Start of INPUT MATERIAL

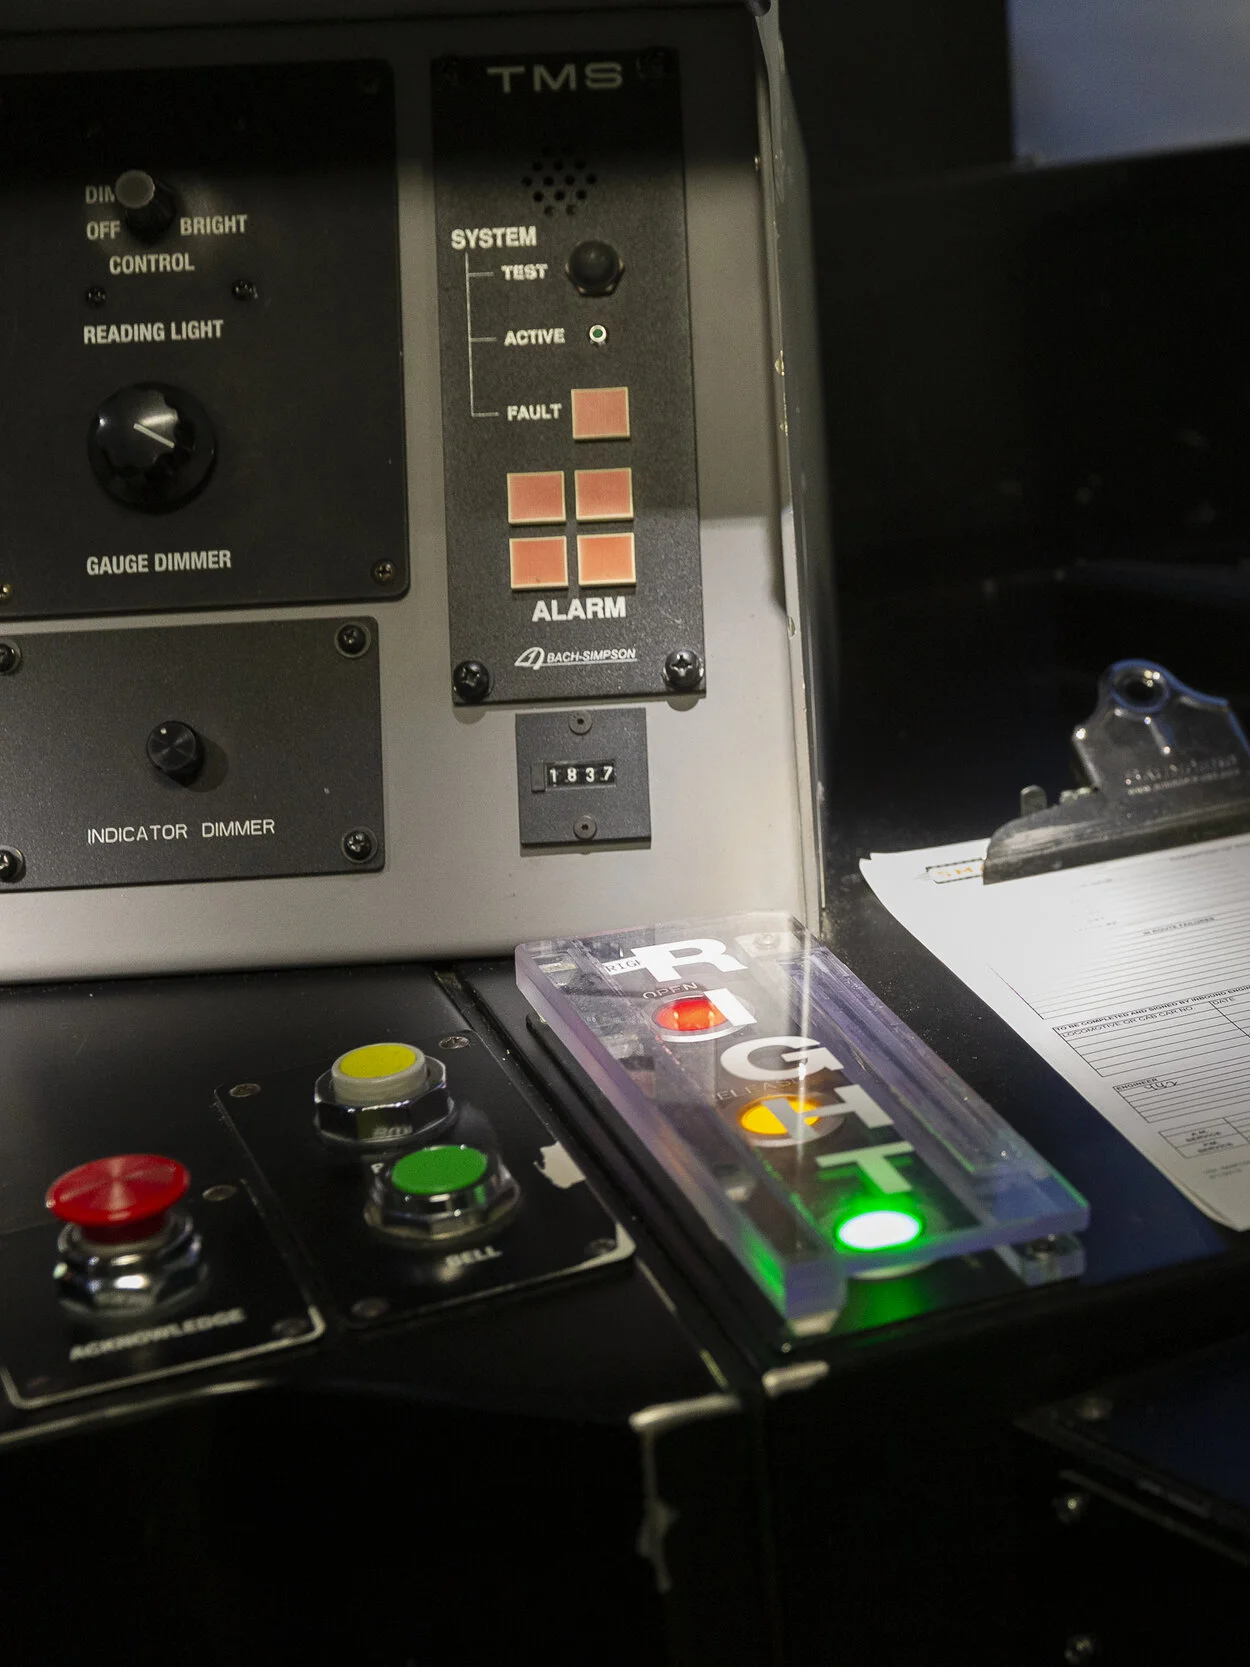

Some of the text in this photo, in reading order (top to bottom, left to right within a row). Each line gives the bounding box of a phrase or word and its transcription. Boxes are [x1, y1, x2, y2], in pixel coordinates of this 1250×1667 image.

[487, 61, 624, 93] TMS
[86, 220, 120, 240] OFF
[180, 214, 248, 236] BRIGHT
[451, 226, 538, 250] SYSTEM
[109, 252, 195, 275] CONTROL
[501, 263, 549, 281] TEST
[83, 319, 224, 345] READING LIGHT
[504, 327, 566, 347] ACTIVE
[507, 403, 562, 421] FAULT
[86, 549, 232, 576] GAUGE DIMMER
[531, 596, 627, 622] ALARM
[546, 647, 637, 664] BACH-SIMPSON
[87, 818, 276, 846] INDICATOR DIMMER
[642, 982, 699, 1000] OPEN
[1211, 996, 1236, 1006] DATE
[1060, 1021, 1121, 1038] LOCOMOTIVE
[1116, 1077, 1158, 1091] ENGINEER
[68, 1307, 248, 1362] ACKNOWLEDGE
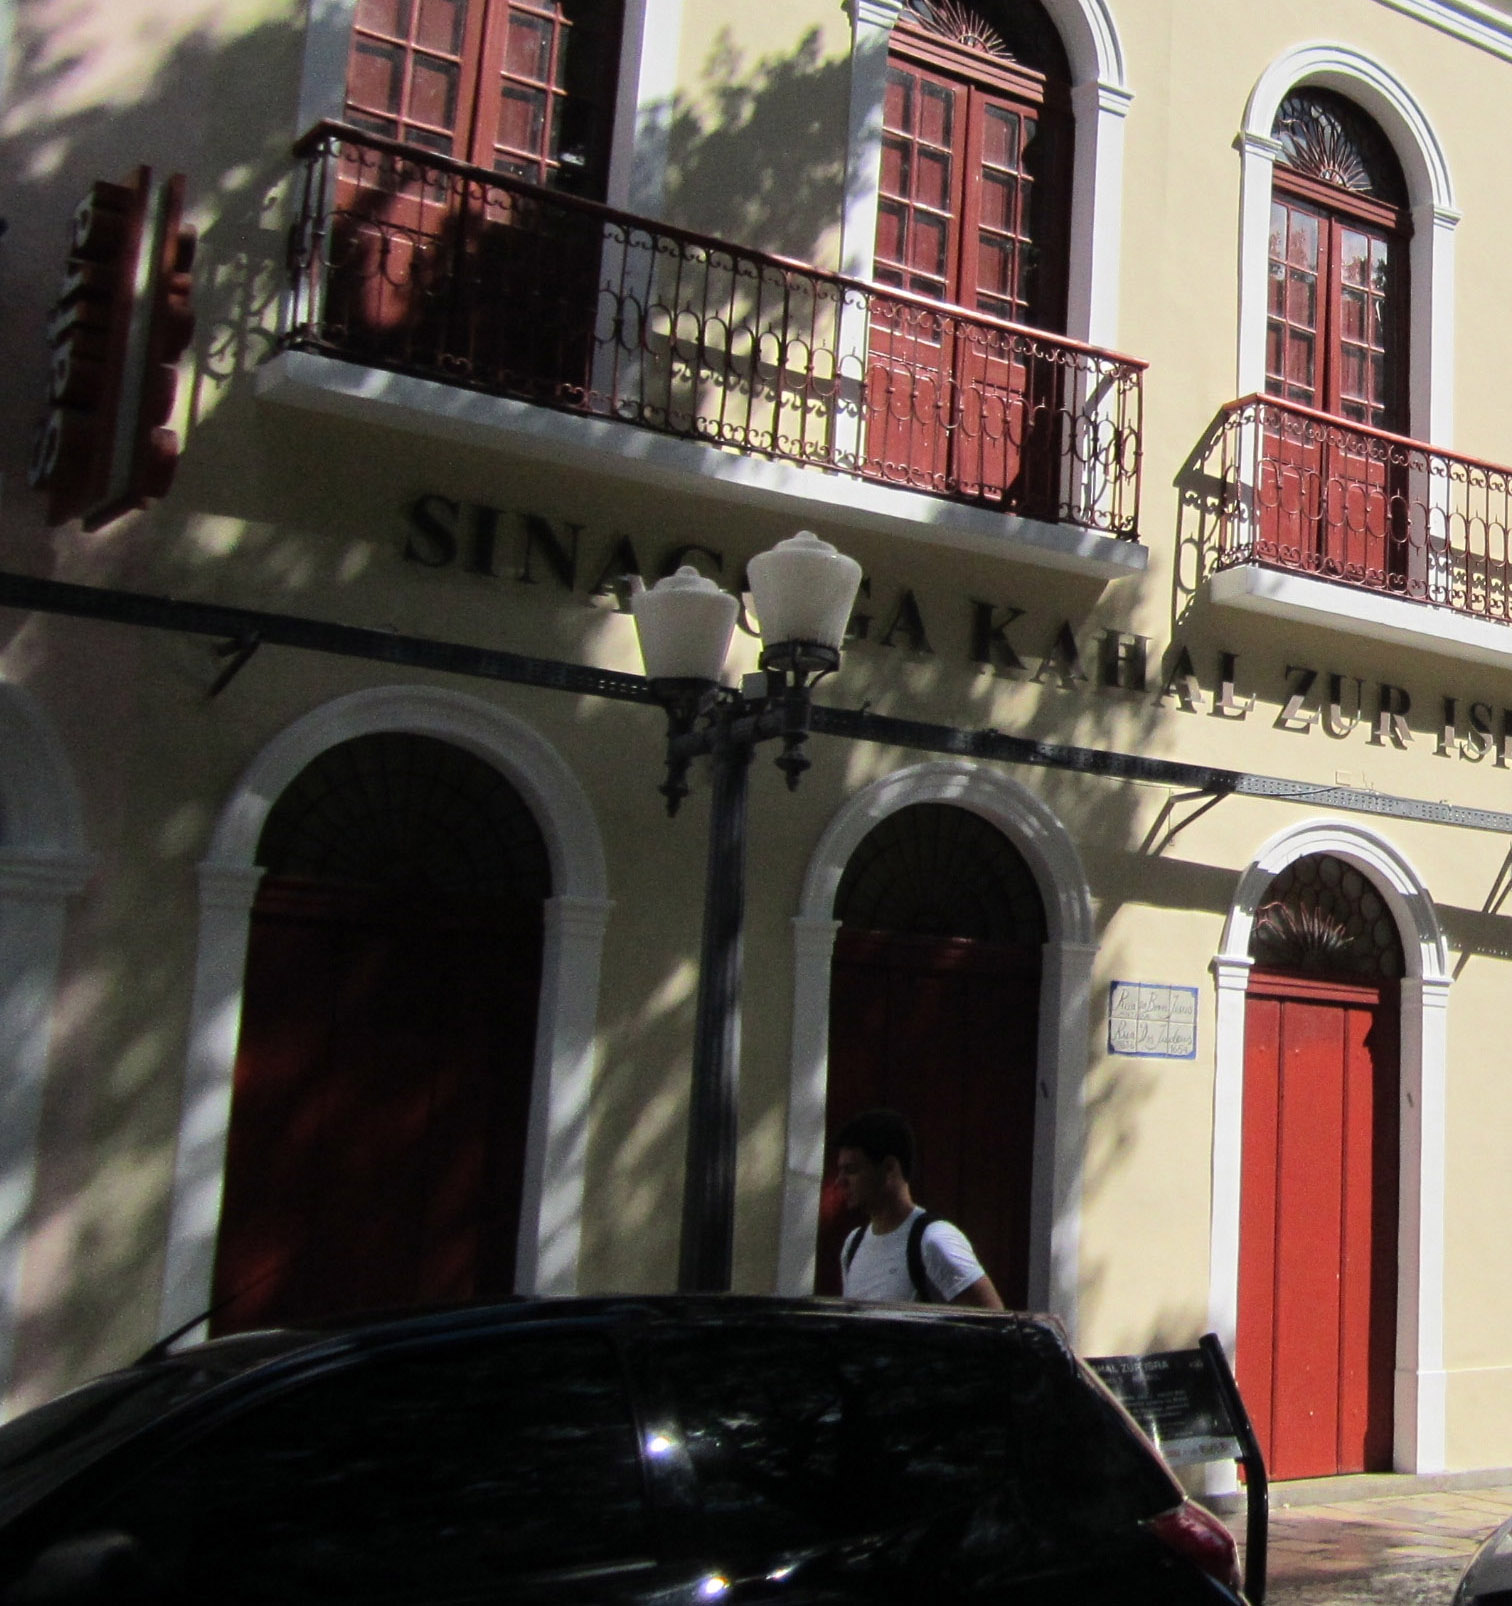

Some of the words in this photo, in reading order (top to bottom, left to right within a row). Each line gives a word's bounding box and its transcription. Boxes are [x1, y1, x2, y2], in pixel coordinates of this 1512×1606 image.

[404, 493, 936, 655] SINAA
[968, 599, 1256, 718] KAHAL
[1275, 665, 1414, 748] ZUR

End of INPUT MATERIAL

### BRIEF:
Output the entries verbatim, skipping images.

### ANSWER BOX:
Some of the text in this photo, in reading order (top to bottom, left to right within a row). Each line gives the bounding box of a phrase or word and its transcription. Boxes are [x1, y1, x2, y2], in pixel coordinates of this 1250×1667 image.

[487, 61, 624, 93] TMS
[86, 220, 120, 240] OFF
[180, 214, 248, 236] BRIGHT
[451, 226, 538, 250] SYSTEM
[109, 252, 195, 275] CONTROL
[501, 263, 549, 281] TEST
[83, 319, 224, 345] READING LIGHT
[504, 327, 566, 347] ACTIVE
[507, 403, 562, 421] FAULT
[86, 549, 232, 576] GAUGE DIMMER
[531, 596, 627, 622] ALARM
[546, 647, 637, 664] BACH-SIMPSON
[87, 818, 276, 846] INDICATOR DIMMER
[642, 982, 699, 1000] OPEN
[1211, 996, 1236, 1006] DATE
[1060, 1021, 1121, 1038] LOCOMOTIVE
[1116, 1077, 1158, 1091] ENGINEER
[68, 1307, 248, 1362] ACKNOWLEDGE

Some of the words in this photo, in reading order (top to bottom, left to right within a row). Each line gives a word's bounding box and its transcription. Boxes are [x1, y1, x2, y2], in pixel coordinates of this 1512×1606 image.

[404, 493, 936, 655] SINAA
[968, 599, 1256, 718] KAHAL
[1275, 665, 1414, 748] ZUR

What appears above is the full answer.